South Scotland MSP Colin Smyth has raised cuts to the X95 bus service in the Scottish Parliament.
Prior to the pandemic, the Borders Buses’ X95 service, which runs from Edinburgh to Carlisle was hourly.
When COVID restrictions were introduced, the service was cut to every two hours- with operator Borders Buses now saying the reduced frequency will become permanent.
Speaking in a debate on rural buses in the Scottish Parliament last week, Colin Smyth said: “The X95 bus run by Borders Buses connects rural communities between Edinburgh and Carlisle, in Midlothian, the Borders and Dumfries and Galloway.
“During the pandemic, its frequency was cut from hourly to every two hours, but, as we moved out of lockdown, it was not reinstated to hourly.
“The lack of frequency simply means that the bus is no longer an option for those who want to use it to commute to their work.
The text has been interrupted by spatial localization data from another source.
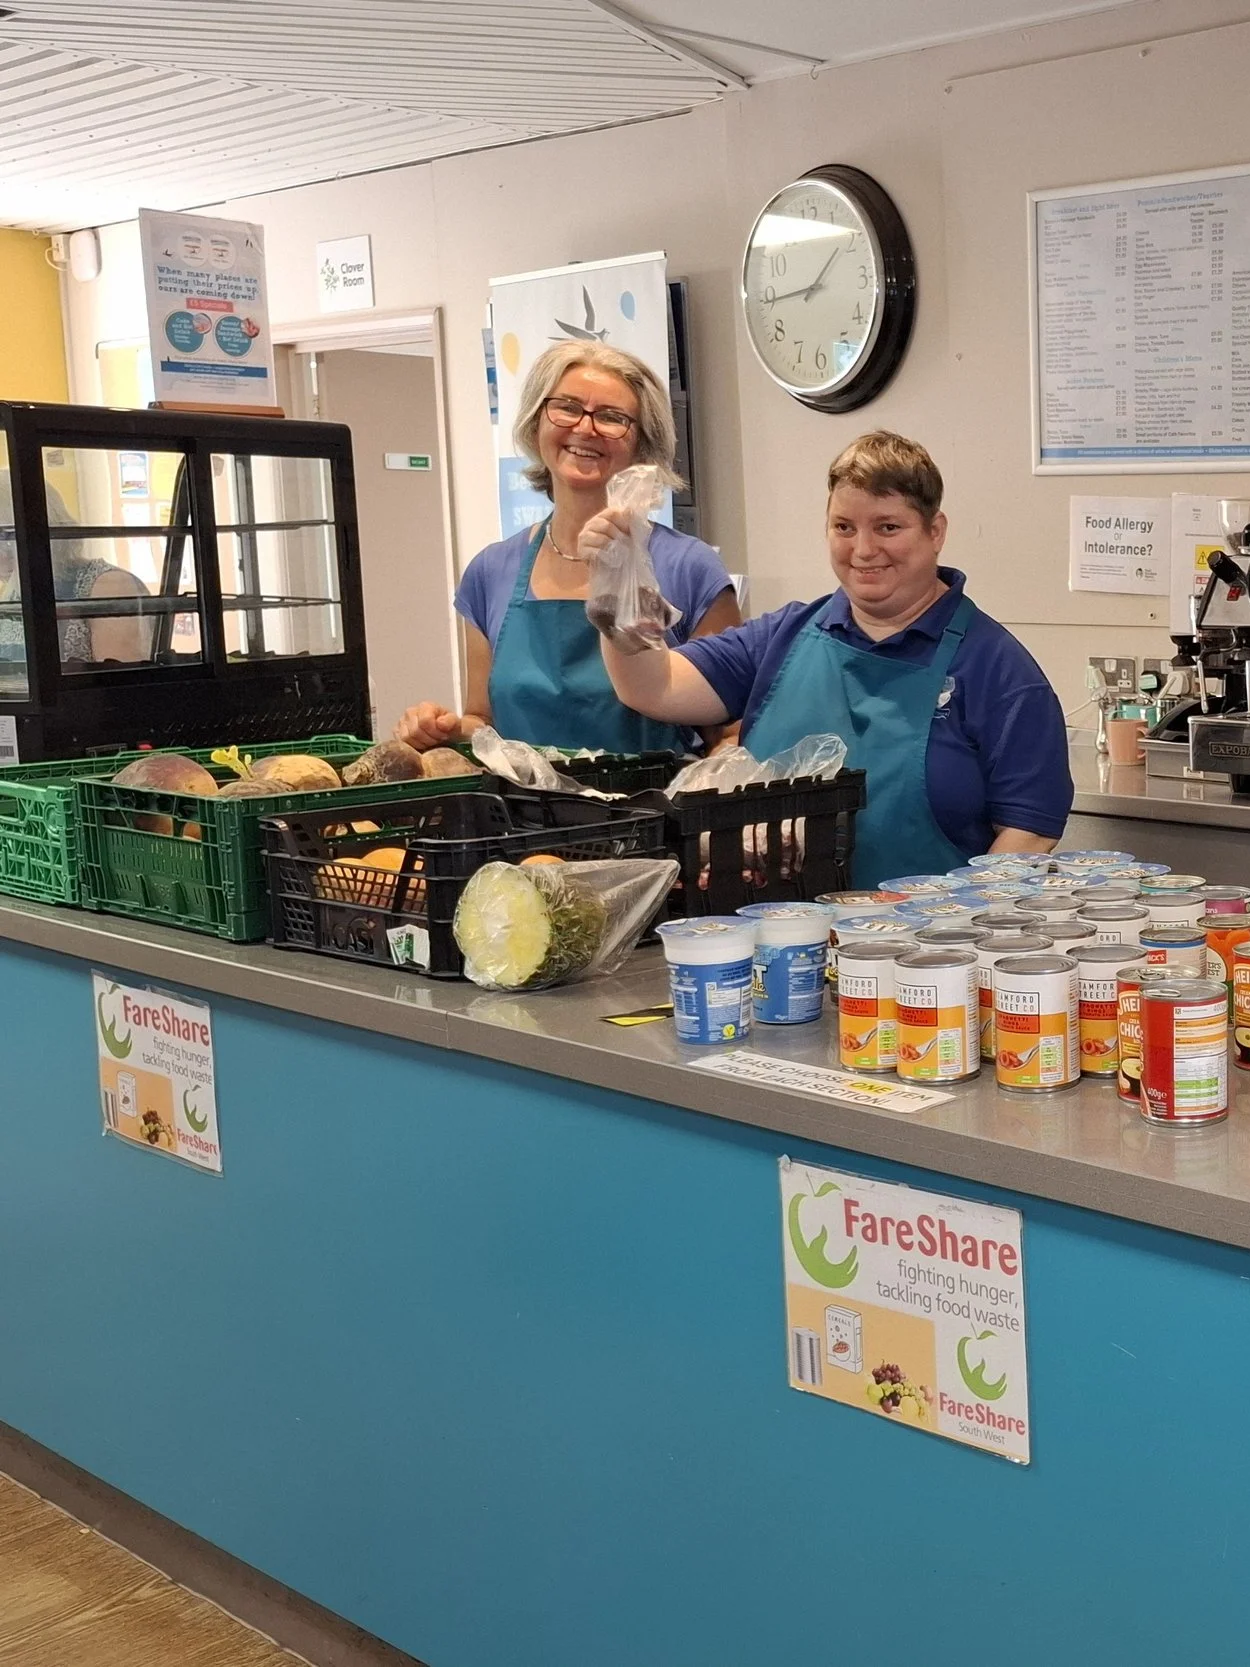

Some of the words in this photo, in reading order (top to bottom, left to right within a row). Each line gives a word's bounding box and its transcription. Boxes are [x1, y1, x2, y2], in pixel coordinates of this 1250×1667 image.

[157, 266, 182, 277] When
[187, 271, 210, 282] many
[215, 273, 241, 284] places
[245, 276, 258, 284] are
[340, 262, 365, 274] Clover
[769, 252, 787, 278] 10
[857, 265, 868, 289] 3
[158, 276, 189, 288] putting
[193, 278, 213, 288] their
[218, 281, 243, 292] prices
[158, 285, 177, 293] ours
[180, 287, 193, 295] are
[197, 289, 228, 300] coming
[343, 275, 365, 287] Room
[765, 286, 776, 312] 9
[852, 301, 864, 325] 4
[774, 319, 786, 342] 8
[794, 341, 804, 363] 7
[815, 344, 827, 370] 6
[1085, 515, 1112, 530] Food
[1113, 517, 1154, 534] Allergy
[1084, 541, 1153, 556] Intolerance?
[1113, 533, 1122, 541] or
[1122, 998, 1140, 1012] HEI
[122, 995, 210, 1047] FareShare
[153, 1036, 180, 1060] fighting
[181, 1050, 213, 1070] hunger,
[142, 1052, 170, 1075] tackling
[171, 1060, 189, 1077] food
[189, 1069, 213, 1085] waste
[720, 1052, 781, 1072] PLEASE
[779, 1067, 851, 1086] CHOOSE
[850, 1081, 892, 1095] ONE
[888, 1090, 934, 1102] ITEM
[714, 1063, 761, 1079] FROM
[760, 1074, 811, 1087] EACH
[808, 1078, 891, 1106] SECTION!
[843, 1199, 1018, 1276] FareShare
[897, 1259, 956, 1294] fighting
[959, 1273, 1019, 1308] hunger,
[876, 1280, 932, 1313] tackling
[935, 1292, 971, 1320] food
[973, 1307, 1020, 1333] waste
[828, 1313, 852, 1327] CEREALS
[939, 1391, 1026, 1436] FareShare
[958, 1421, 983, 1438] South
[983, 1428, 1006, 1445] West
“I know that there are challenges with the backlog in processing driving licences at the DVLA, and there is a lack of tests to ensure that, when bus companies decide to increase services, they have the drivers to do so.
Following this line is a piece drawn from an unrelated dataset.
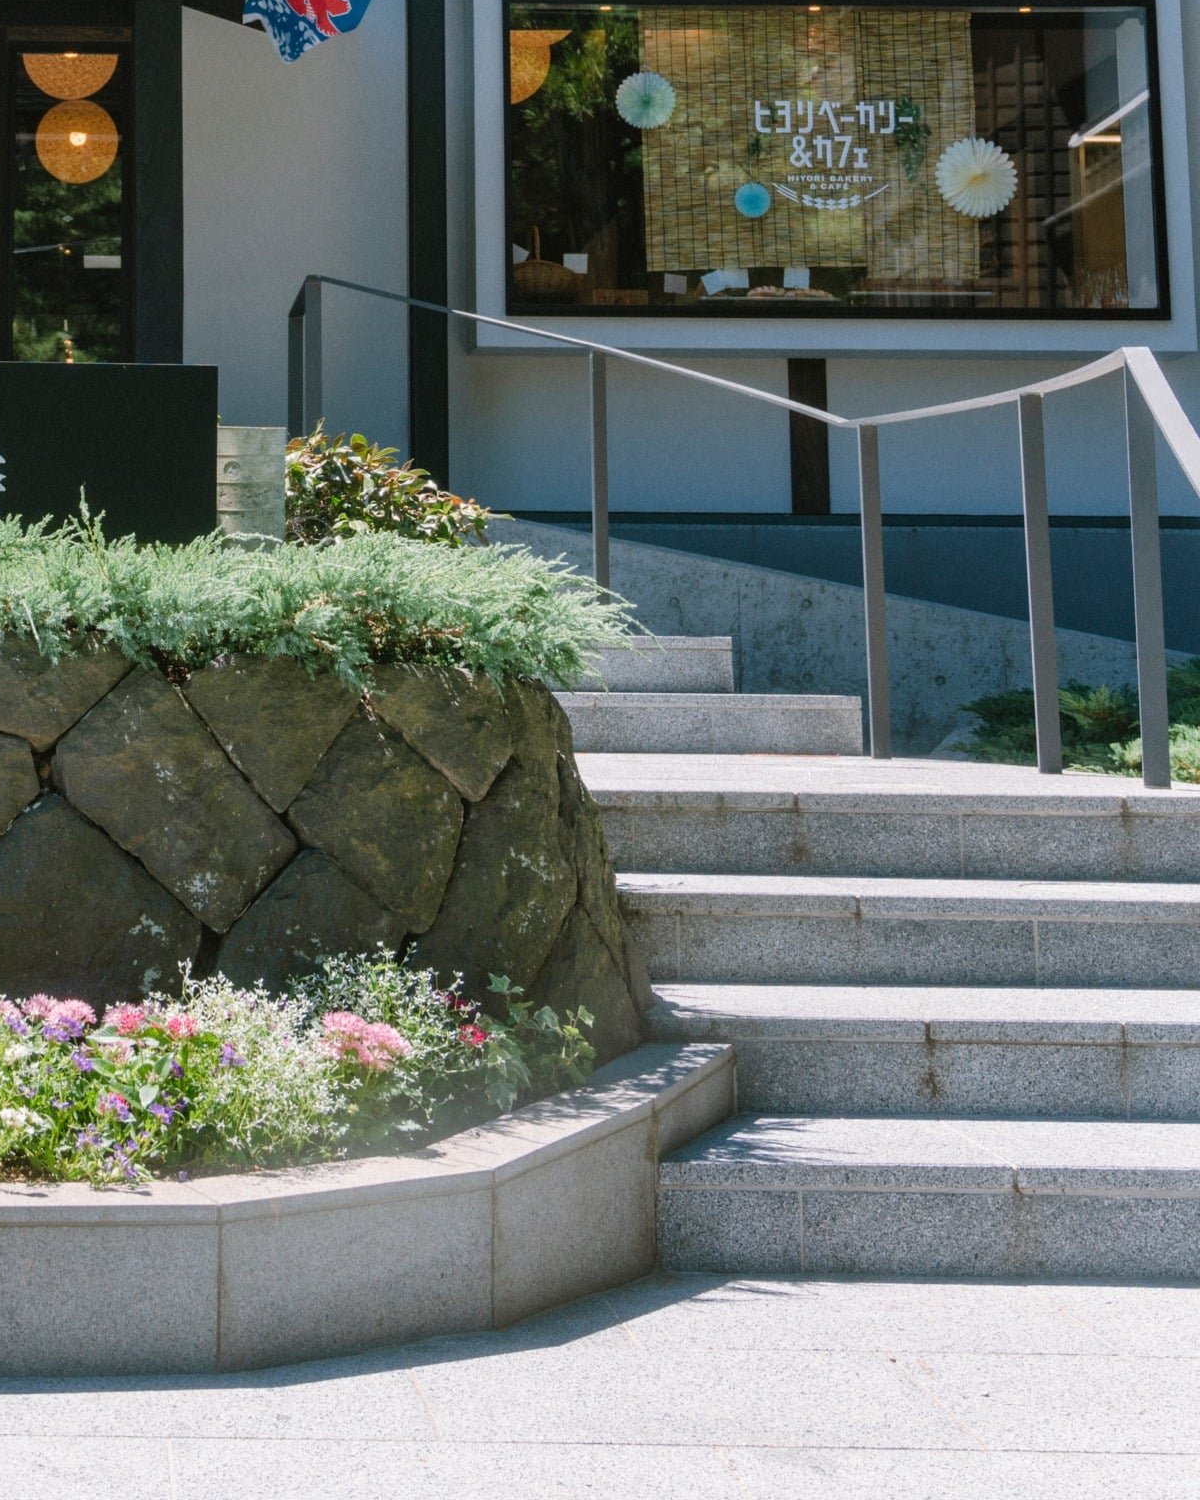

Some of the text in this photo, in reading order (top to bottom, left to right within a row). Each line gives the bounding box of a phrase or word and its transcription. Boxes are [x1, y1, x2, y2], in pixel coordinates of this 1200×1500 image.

[754, 100, 914, 134] ヒヨリベーカリー
[789, 135, 869, 169] &カフェ
[787, 175, 873, 183] HIYORI BAKERY
[820, 182, 850, 190] CAFÉ
“I have written to the UK Secretary of State for Transport on the issue. However, there has also been a failure of the Scottish Government to secure proper guarantees from bus firms in return for the more than £330 million of taxpayer support that was given to the sector during the pandemic.
“We need better conditionality to maintain services in return for that support.”
Speaking after the debate, the local MSP added: “Everyone understands why companies reduced services when Covid hit, especially given the potential health impact on both passengers and drivers. It may also be some time before passenger numbers rise back to even close to pre-pandemic levels, but we will never get people back on our buses if we take those buses away.
“The X95 is a crucial service that covers many communities across the South of Scotland and the lack of frequency simply means it’s just not an option anymore for people who want to use the bus.”